Das Johanniskraut beginnt um die Sommersonnwende, also am längsten und hellsten Tag zu blühen. D.h. sie nimmt in dieser Zeit besonders viel Licht auf und gleichzeitig macht sie uns lichtempfindlich über ihre Verwendung. Ich verstehe das so – sie macht uns nicht nur empfindlich – sie macht uns offen und empfänglich für Licht. Sie erinnert uns, dass wir jetzt in dieser hellen Jahreshälfte ganz viel Licht und Freude, schöne Erlebnisse einfangen und abspeichern dürfen um sie in der dunklen Jahreshälfte abzurufen.
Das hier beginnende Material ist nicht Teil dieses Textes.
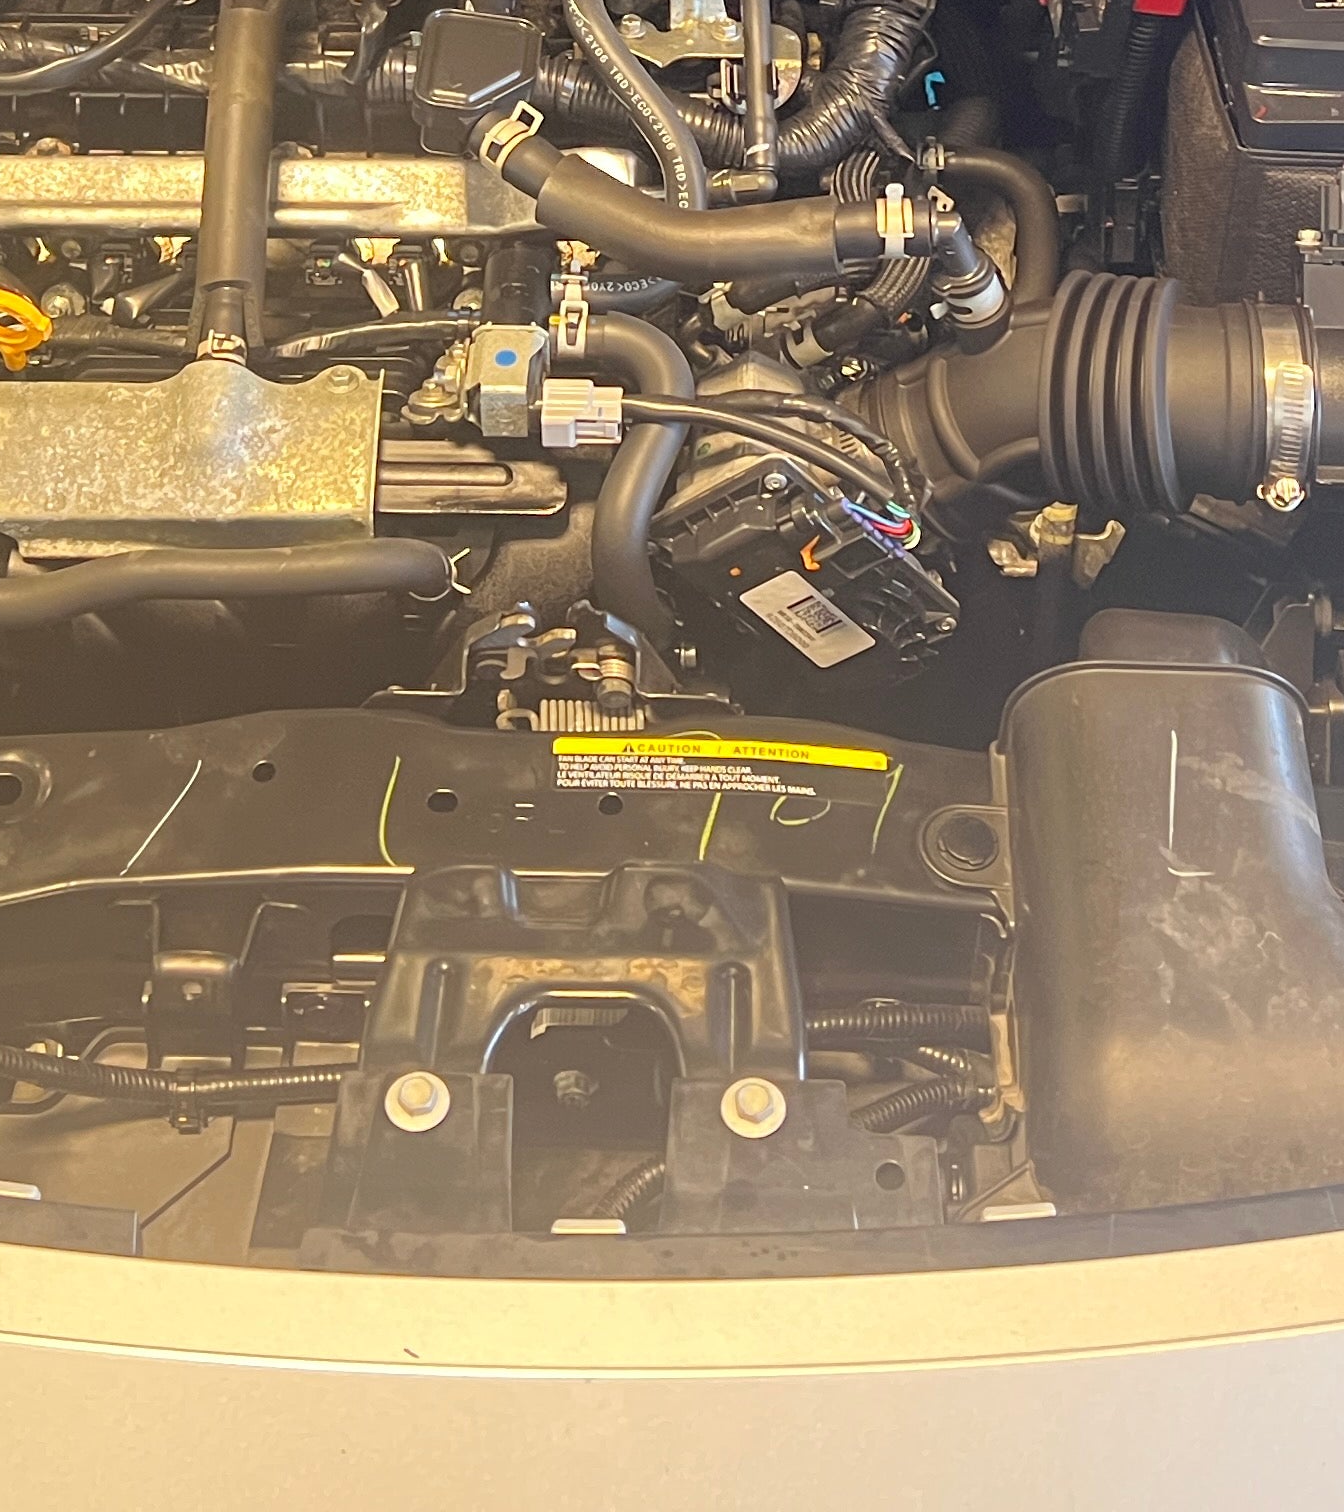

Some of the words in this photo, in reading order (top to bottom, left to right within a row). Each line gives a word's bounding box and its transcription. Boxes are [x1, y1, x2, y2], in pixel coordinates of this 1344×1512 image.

[637, 743, 701, 754] CAUTION
[733, 745, 810, 760] ATTENTION
[558, 754, 574, 763] FAN
[575, 754, 598, 763] BLADE
[598, 755, 616, 763] CAN
[616, 755, 638, 764] START
[639, 756, 649, 764] AT
[650, 756, 666, 765] ANY
[558, 762, 570, 771] TO
[570, 762, 589, 771] HELP
[589, 763, 614, 772] AVOID
[613, 763, 652, 772] PERSONAL
[680, 764, 699, 773] KEEP
[699, 765, 727, 774] HANDS
[556, 770, 568, 779] LE
[567, 770, 622, 780] VENTILATEUR
[621, 771, 652, 781] RISQUE
[652, 772, 665, 781] DE
[719, 773, 741, 783] TOUT
[556, 778, 581, 787] POUR
[609, 779, 636, 788] TOUTE
[679, 780, 691, 789] NE
[692, 781, 708, 790] PAS
[708, 781, 721, 790] EN
[720, 782, 771, 792] APPROCHER
[771, 784, 787, 794] LES
Wenn man sich das recht überlegt, ist das gar keine schlechte Idee. Denn, wie du bestimmt weißt, hat das Licht tatsächlich Einfluss auf unseren Hormonhaushalt und auf unsere Stimmung. So kommt es, dass wir gerade in der dunklen Jahreshälfte, in der unser Körper weniger Vitamin D zur Verfügung hat, eher an depressiven Verstimmungen leiden. Nehmen wir das Gefühl dieser schönen Erlebnisse aus dem Sommer doch mit in den Winter – lass uns ganz viele innerliche Bilder vom Sommer schießen und diese Bilder, diese Energie an einem schweren Tag wieder abrufen.
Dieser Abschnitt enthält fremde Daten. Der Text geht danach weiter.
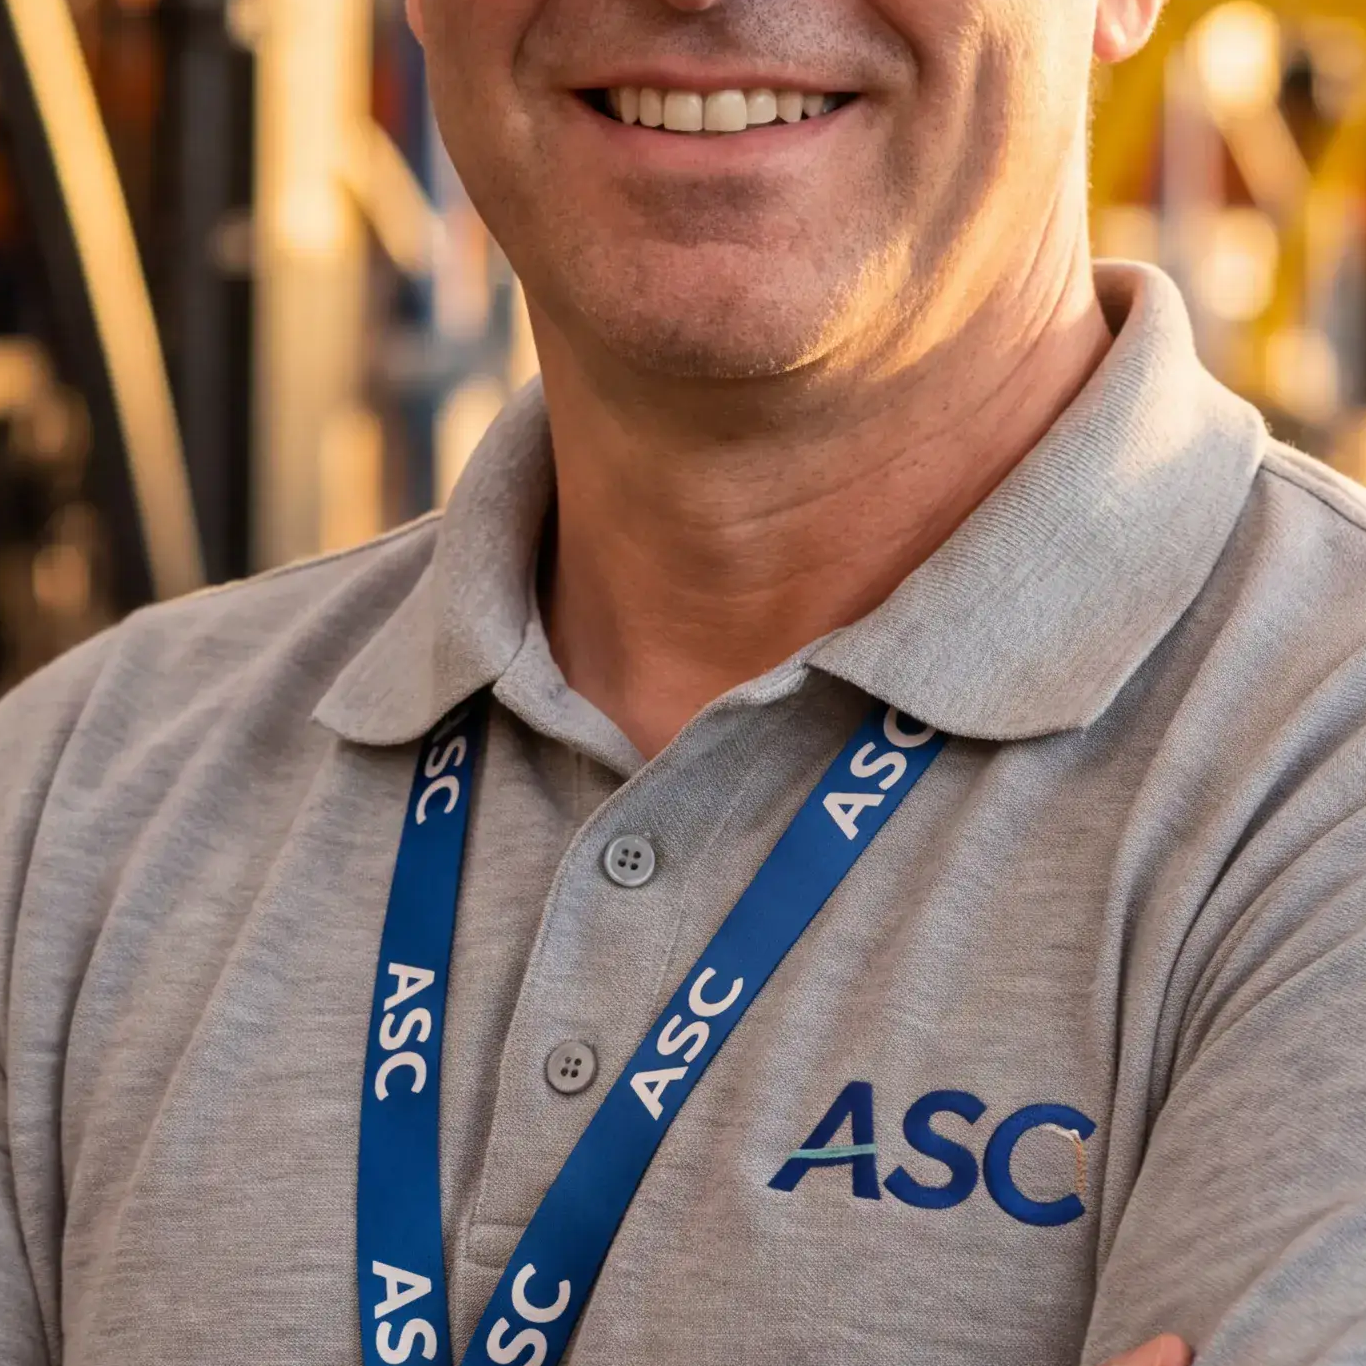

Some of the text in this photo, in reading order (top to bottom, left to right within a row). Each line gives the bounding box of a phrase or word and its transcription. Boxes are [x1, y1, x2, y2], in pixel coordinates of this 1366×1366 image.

Nun magst du dir denken – ist alles schön und recht, gerade kann man nicht viel von der Sonne sehen. Da muss ich dir recht geben und gleichzeitig möchte ich dir sagen, dass ich mich nicht unwohl damit fühle. Ich bestehe zu ca. 70% aus Wasser (du natürlich auch – je nach Alter aus mehr oder weniger). Es versorgt uns und alle Pflanzen mit purer Lebensenergie, wäscht uns rein und macht uns aufnahmebereit für Neues. Gerade nach diesem Winter, braucht unsere Erde das Wasser so dringend. Die Sonne wird kommen… …und bis dahin vermag es das Johanniskraut vielleicht dich ein wenig über diese Sehnsucht hinwegzutrösten.

Ich schreibe schon seit vielen Stunden, seit Tagen am Pflanzenprofil des Johanniskrauts. Es gibt einfach so viel zu erzählen über diese besondere Pflanze.
Nun möchte ich nicht riskieren, dass dich diese ganzen Informationen sprichwörtlich erschlagen oder ein zu langer Text gar langweilt – deshalb hab ich ihn in kleinen Häppchen für dich „aufgebröselt“. Schon morgen folgt der nächste Teil, ein etwas größerer Bissen – die körperliche Verwendung und danach – am Mittwoch noch die seelische Anwendung des Johanniskrauts. Außerdem wird es ein Live-Video mit Erkennungsmerkmalen und der Herstellung eines Ölauszugs geben.
So, genug gequatscht… 🙂

Ich wünsche dir einen wunderschönen Start in die Woche und viel Freude beim Kennenlernen des Johanniskrauts!